Data excerpts
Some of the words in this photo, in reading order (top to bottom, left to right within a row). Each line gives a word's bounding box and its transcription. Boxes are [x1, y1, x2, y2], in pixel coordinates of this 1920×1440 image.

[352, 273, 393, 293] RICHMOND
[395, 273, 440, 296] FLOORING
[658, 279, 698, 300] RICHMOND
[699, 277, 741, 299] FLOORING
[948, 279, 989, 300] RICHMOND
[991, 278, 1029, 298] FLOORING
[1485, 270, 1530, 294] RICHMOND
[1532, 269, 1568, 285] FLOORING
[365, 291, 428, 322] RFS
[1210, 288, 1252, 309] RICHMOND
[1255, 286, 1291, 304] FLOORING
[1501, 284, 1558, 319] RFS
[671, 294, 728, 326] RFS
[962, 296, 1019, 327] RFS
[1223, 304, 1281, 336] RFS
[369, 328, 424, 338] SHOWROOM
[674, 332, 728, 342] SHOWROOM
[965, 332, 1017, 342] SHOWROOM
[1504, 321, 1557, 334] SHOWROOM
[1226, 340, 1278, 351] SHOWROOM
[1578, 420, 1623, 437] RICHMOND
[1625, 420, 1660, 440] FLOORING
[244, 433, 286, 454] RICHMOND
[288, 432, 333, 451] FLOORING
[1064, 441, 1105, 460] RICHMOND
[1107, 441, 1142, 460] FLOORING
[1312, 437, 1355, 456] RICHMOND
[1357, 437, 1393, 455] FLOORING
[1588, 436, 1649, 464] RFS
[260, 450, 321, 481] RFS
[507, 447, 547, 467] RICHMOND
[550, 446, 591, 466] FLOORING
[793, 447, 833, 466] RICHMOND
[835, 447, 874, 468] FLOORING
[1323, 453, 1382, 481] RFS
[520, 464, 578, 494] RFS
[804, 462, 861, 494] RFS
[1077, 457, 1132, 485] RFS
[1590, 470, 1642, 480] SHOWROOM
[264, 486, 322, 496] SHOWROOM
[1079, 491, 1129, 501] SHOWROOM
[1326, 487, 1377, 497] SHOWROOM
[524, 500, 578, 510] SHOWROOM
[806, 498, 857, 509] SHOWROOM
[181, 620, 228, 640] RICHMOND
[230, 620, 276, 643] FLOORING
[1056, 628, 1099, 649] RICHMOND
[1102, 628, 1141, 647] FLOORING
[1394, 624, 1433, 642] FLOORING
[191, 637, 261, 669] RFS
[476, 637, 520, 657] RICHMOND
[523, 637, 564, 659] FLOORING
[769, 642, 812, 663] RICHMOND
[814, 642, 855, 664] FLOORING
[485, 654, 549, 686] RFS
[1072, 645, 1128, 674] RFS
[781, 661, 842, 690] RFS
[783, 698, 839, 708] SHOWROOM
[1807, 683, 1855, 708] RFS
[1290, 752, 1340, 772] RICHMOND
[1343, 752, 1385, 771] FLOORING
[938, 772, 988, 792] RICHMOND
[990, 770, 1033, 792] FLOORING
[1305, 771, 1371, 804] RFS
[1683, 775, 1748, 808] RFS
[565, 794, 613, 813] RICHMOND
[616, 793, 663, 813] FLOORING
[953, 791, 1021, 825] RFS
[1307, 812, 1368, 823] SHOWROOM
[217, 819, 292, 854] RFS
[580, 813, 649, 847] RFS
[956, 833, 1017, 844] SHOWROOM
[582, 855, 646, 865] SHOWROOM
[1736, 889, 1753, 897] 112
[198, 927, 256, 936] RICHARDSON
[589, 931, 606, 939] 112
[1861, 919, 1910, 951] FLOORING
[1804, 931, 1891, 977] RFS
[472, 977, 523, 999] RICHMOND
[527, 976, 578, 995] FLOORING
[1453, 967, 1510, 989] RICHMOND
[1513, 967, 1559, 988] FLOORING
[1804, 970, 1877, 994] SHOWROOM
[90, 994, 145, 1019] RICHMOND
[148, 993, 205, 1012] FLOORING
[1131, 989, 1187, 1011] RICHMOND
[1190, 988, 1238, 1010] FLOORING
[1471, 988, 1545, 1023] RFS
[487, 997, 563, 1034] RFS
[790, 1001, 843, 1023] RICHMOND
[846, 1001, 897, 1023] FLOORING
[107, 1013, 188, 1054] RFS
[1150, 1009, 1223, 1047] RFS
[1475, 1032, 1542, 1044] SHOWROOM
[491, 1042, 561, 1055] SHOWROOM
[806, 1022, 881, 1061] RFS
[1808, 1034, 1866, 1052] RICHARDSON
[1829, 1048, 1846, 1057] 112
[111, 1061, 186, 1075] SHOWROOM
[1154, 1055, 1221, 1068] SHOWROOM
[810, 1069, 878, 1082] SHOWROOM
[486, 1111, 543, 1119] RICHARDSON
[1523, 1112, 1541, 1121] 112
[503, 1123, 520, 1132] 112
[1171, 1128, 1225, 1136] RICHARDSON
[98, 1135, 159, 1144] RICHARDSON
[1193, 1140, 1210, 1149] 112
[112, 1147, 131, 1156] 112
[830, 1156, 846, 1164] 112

What to work on. Return each line of the data where the word "RICHARDSON" appears.

Solution for this task.
[198, 927, 256, 936] RICHARDSON
[1808, 1034, 1866, 1052] RICHARDSON
[486, 1111, 543, 1119] RICHARDSON
[1171, 1128, 1225, 1136] RICHARDSON
[98, 1135, 159, 1144] RICHARDSON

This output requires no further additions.